- _WHAT YOU NEED TO DO_: Pictures stay out; everything else in the records gets transcribed exactly.

───── TASK INPUTS

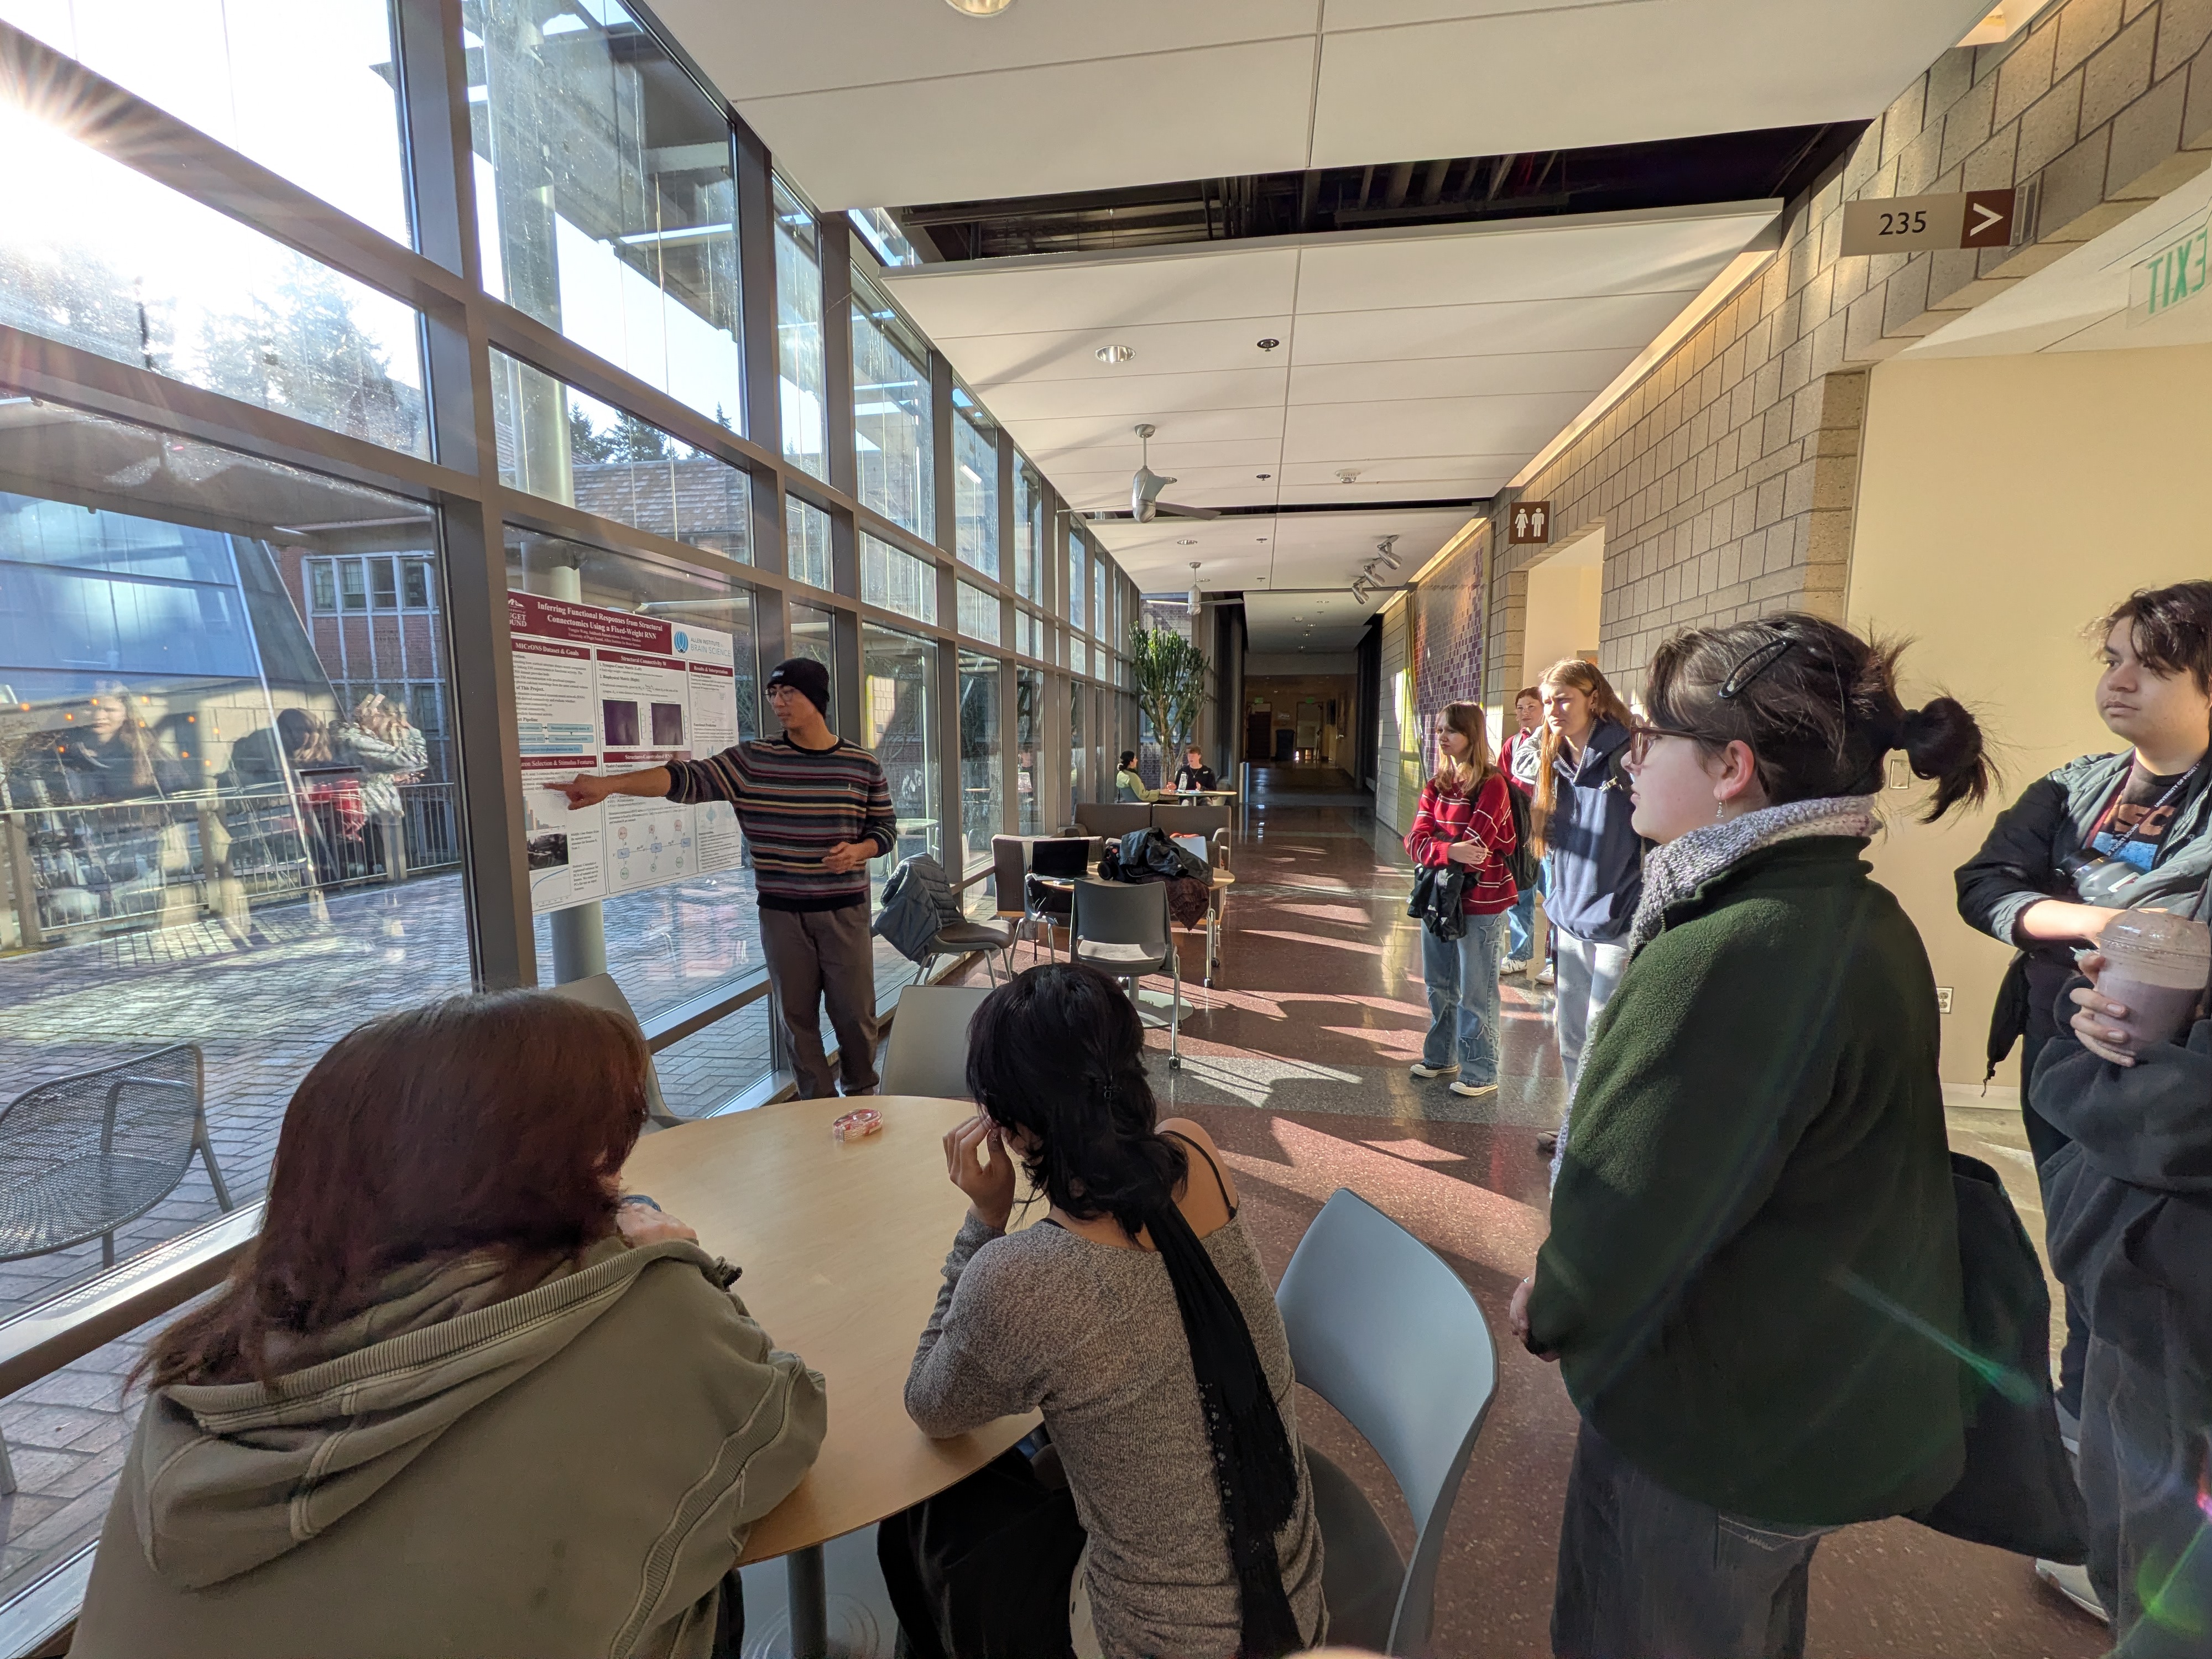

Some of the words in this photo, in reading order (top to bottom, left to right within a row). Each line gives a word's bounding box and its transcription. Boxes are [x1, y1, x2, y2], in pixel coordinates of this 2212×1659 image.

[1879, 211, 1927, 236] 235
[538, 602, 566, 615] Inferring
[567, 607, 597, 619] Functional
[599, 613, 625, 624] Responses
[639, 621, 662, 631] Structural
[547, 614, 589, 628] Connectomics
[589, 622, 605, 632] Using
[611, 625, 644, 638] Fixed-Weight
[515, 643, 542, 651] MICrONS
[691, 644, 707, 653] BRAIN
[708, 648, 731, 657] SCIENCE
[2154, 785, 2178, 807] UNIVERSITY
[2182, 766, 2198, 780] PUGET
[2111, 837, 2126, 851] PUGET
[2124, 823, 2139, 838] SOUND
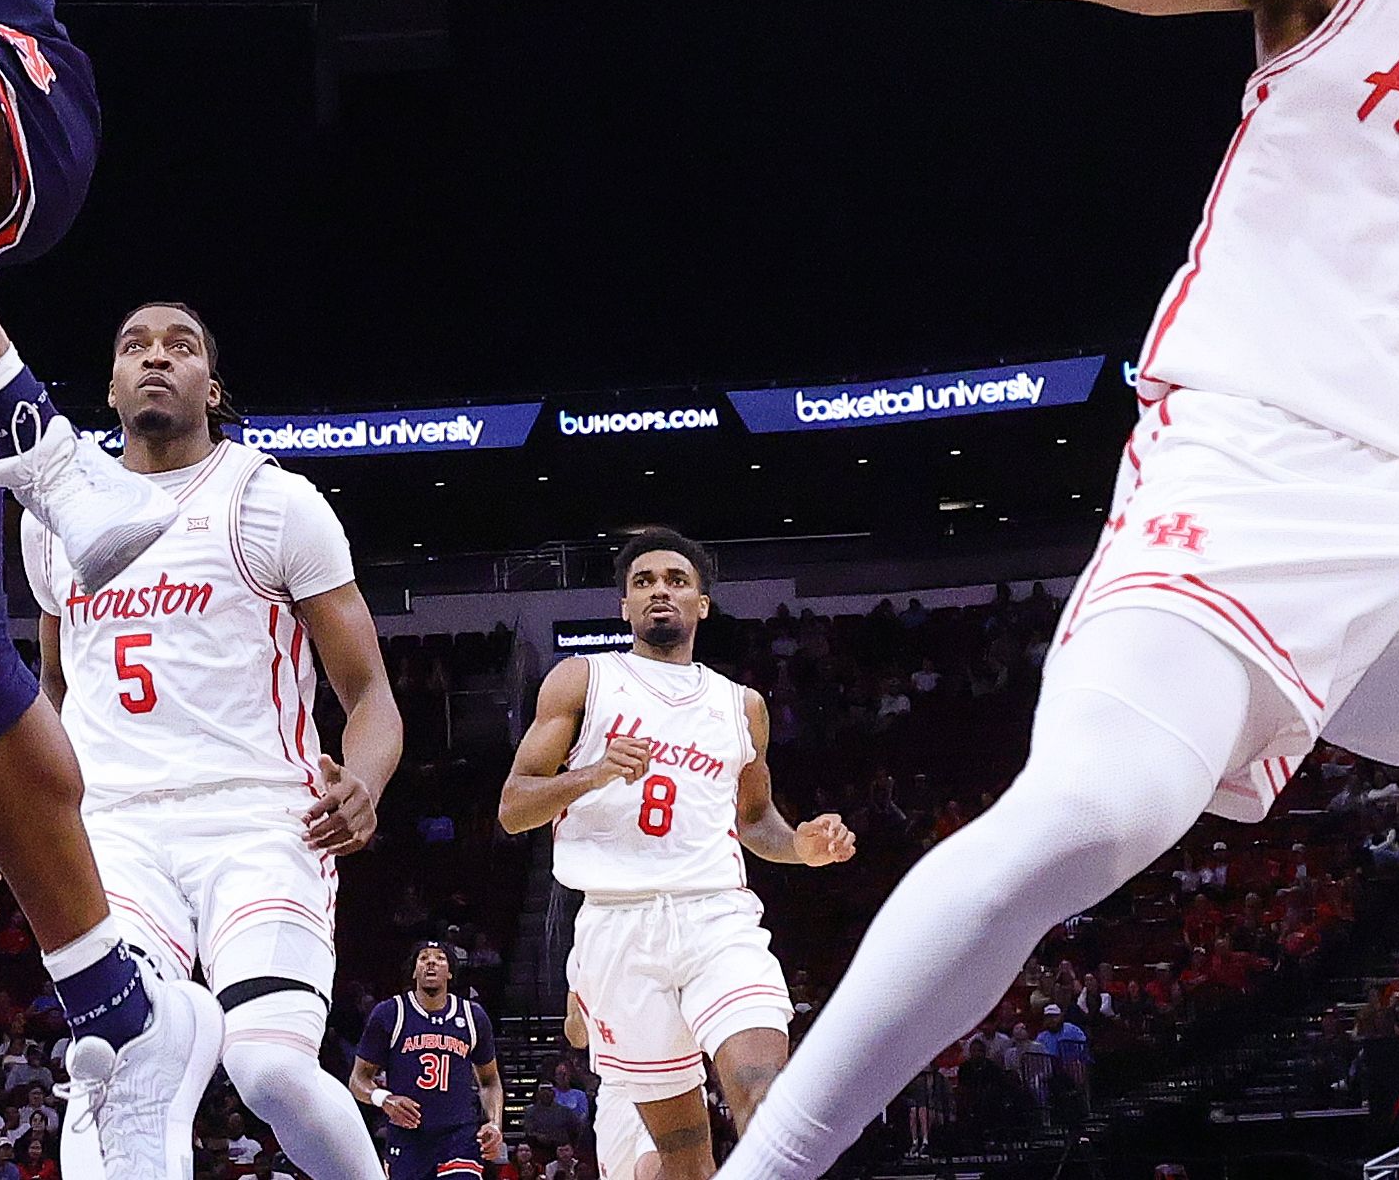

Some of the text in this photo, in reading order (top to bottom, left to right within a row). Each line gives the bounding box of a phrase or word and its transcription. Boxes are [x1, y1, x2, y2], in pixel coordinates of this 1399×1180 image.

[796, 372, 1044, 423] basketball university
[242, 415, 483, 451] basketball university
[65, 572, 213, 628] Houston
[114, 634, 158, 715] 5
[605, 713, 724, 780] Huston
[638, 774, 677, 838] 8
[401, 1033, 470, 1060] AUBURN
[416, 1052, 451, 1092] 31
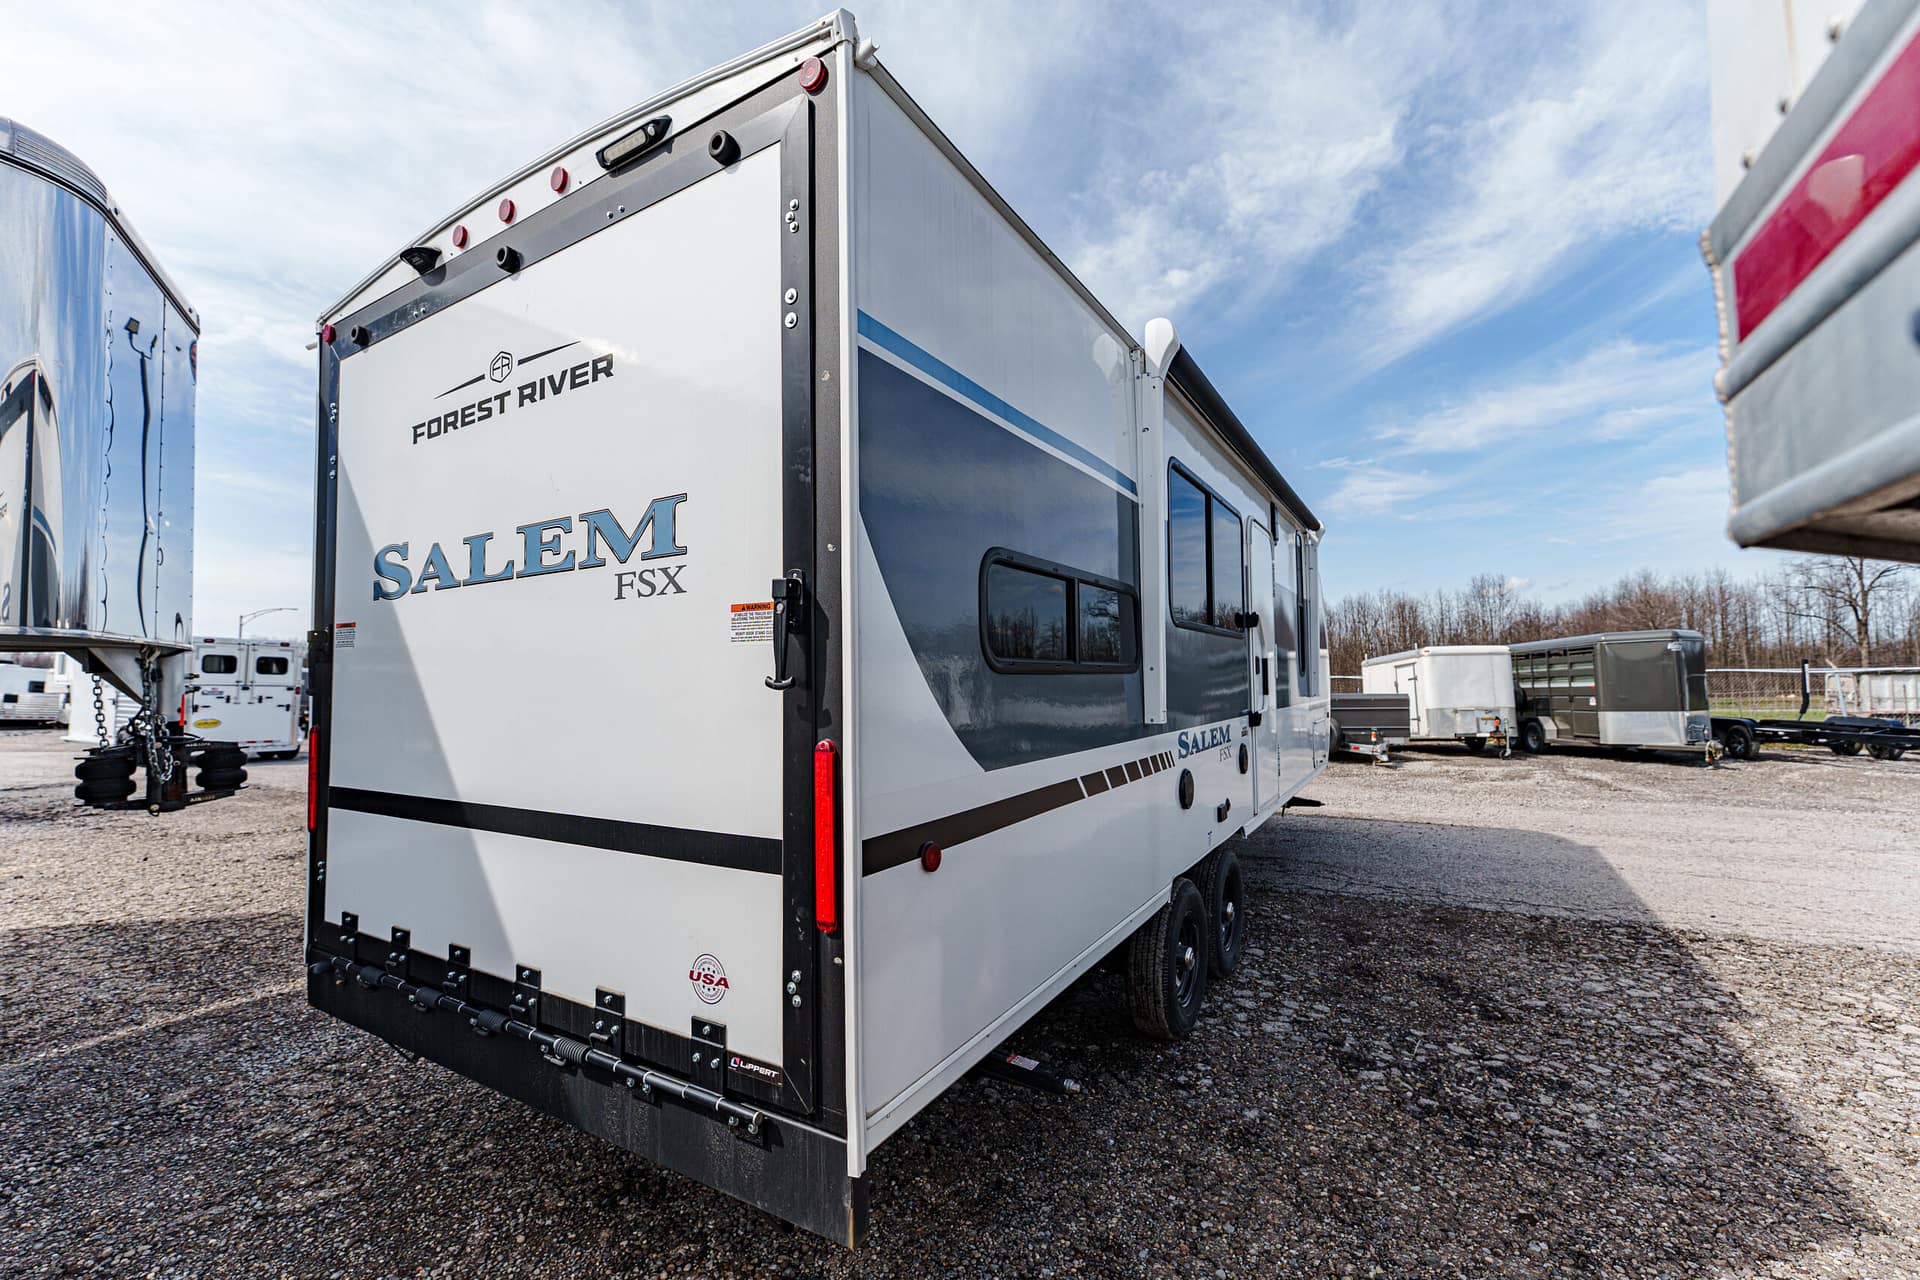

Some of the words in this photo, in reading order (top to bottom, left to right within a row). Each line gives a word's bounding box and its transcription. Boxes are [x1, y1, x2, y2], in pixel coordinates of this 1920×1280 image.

──────────

- _RESULT OF THE EXERCISE_:
Some of the words in this photo, in reading order (top to bottom, left to right within a row). Each line gives a word's bounding box and its transcription. Boxes are [x1, y1, x2, y2], in pixel coordinates of this 2212×1659 image.

[1879, 211, 1927, 236] 235
[538, 602, 566, 615] Inferring
[567, 607, 597, 619] Functional
[599, 613, 625, 624] Responses
[639, 621, 662, 631] Structural
[547, 614, 589, 628] Connectomics
[589, 622, 605, 632] Using
[611, 625, 644, 638] Fixed-Weight
[515, 643, 542, 651] MICrONS
[691, 644, 707, 653] BRAIN
[708, 648, 731, 657] SCIENCE
[2154, 785, 2178, 807] UNIVERSITY
[2182, 766, 2198, 780] PUGET
[2111, 837, 2126, 851] PUGET
[2124, 823, 2139, 838] SOUND

Some of the text in this photo, in reading order (top to bottom, left to right within a row). Each line gives the bounding box of a phrase or word and its transcription. Boxes are [x1, y1, x2, y2], in pixel coordinates of this 1399×1180 image.

[796, 372, 1044, 423] basketball university
[242, 415, 483, 451] basketball university
[65, 572, 213, 628] Houston
[114, 634, 158, 715] 5
[605, 713, 724, 780] Huston
[638, 774, 677, 838] 8
[401, 1033, 470, 1060] AUBURN
[416, 1052, 451, 1092] 31

Some of the words in this photo, in reading order (top to bottom, left to right within a row). Each line gives a word's bounding box and its transcription. Boxes are [x1, y1, x2, y2], in pixel coordinates of this 1920×1280 image.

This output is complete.